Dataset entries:
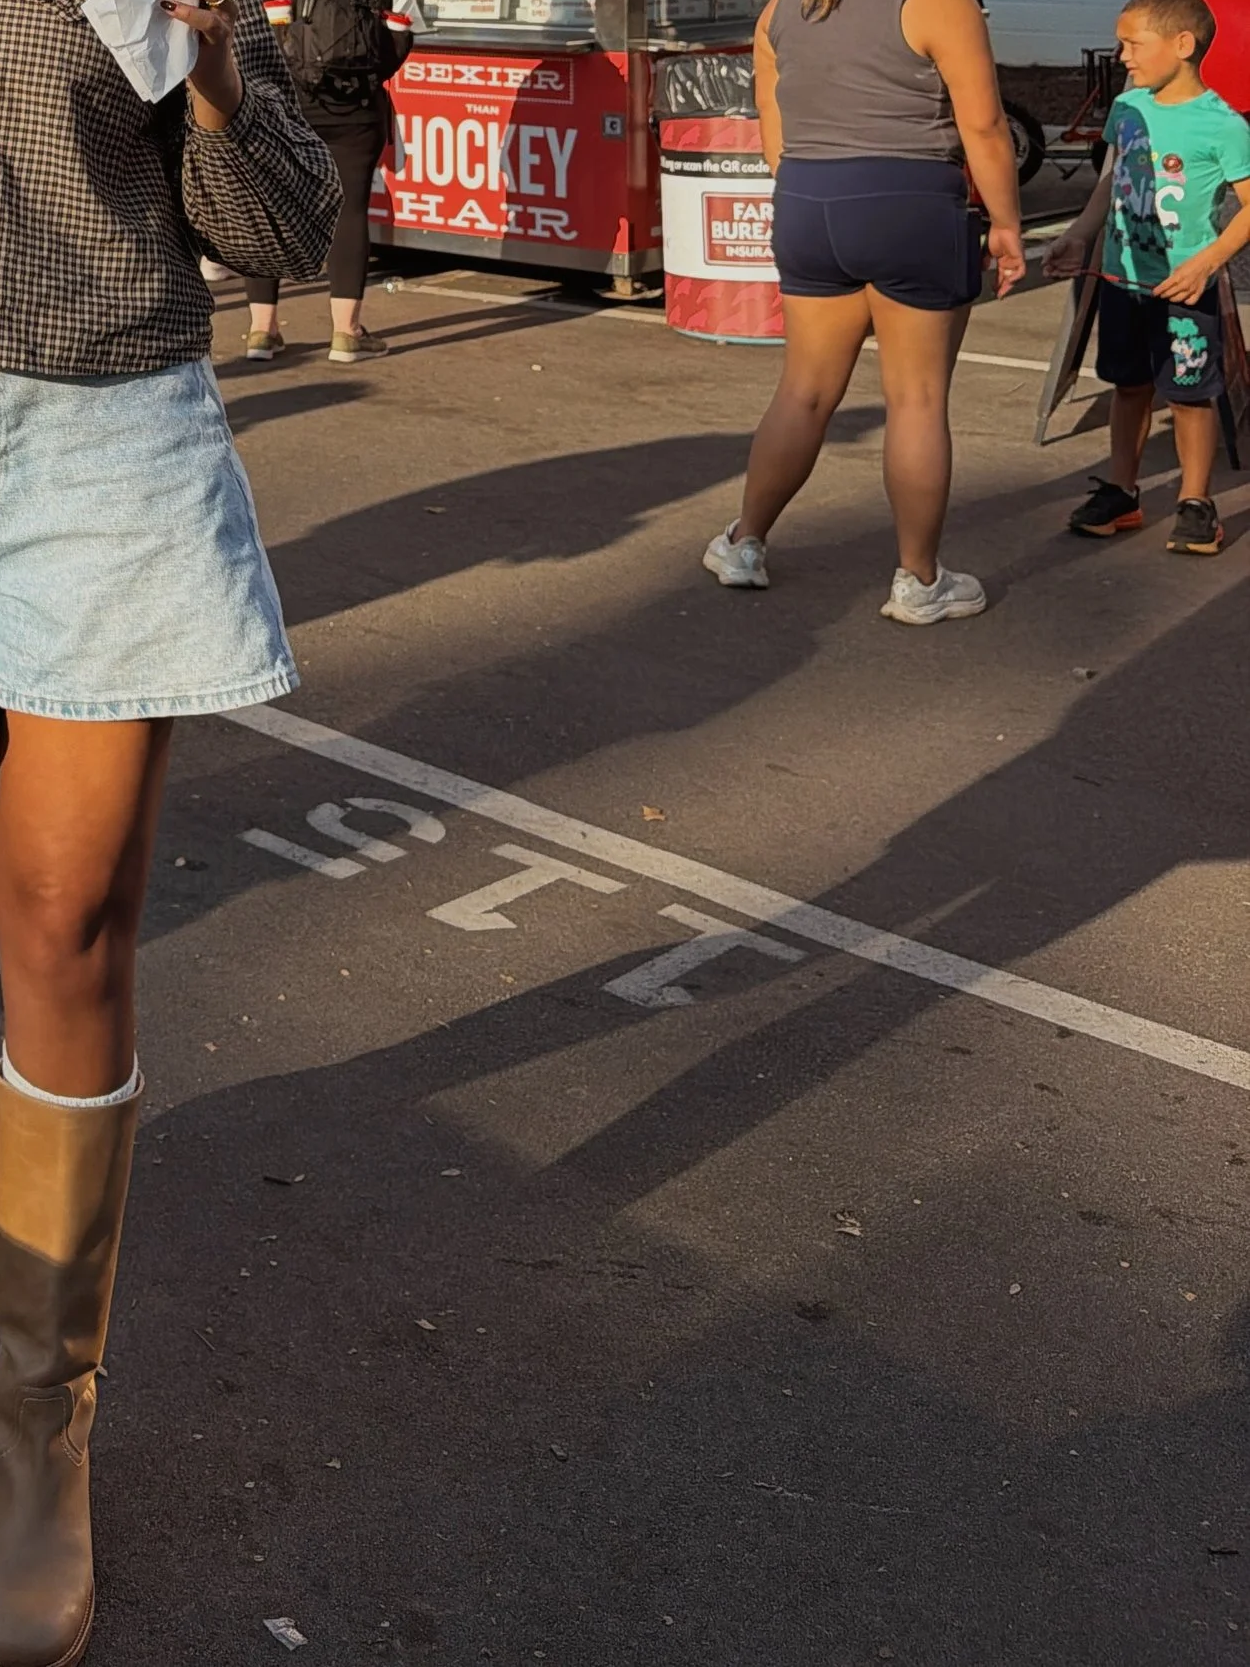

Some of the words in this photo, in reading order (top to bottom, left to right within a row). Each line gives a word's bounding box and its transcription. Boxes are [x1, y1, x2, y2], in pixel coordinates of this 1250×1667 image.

[403, 62, 566, 91] SEXIER
[466, 103, 500, 116] THAN
[395, 113, 578, 200] HOCKEY
[682, 161, 703, 172] scan
[703, 158, 720, 173] the
[720, 159, 741, 173] QR
[741, 158, 771, 173] code
[394, 190, 579, 242] HAIR

Your objective: Print all records word for word, no images.

Result:
Some of the words in this photo, in reading order (top to bottom, left to right within a row). Each line gives a word's bounding box and its transcription. Boxes are [x1, y1, x2, y2], in pixel coordinates of this 1250×1667 image.

[403, 62, 566, 91] SEXIER
[466, 103, 500, 116] THAN
[395, 113, 578, 200] HOCKEY
[682, 161, 703, 172] scan
[703, 158, 720, 173] the
[720, 159, 741, 173] QR
[741, 158, 771, 173] code
[394, 190, 579, 242] HAIR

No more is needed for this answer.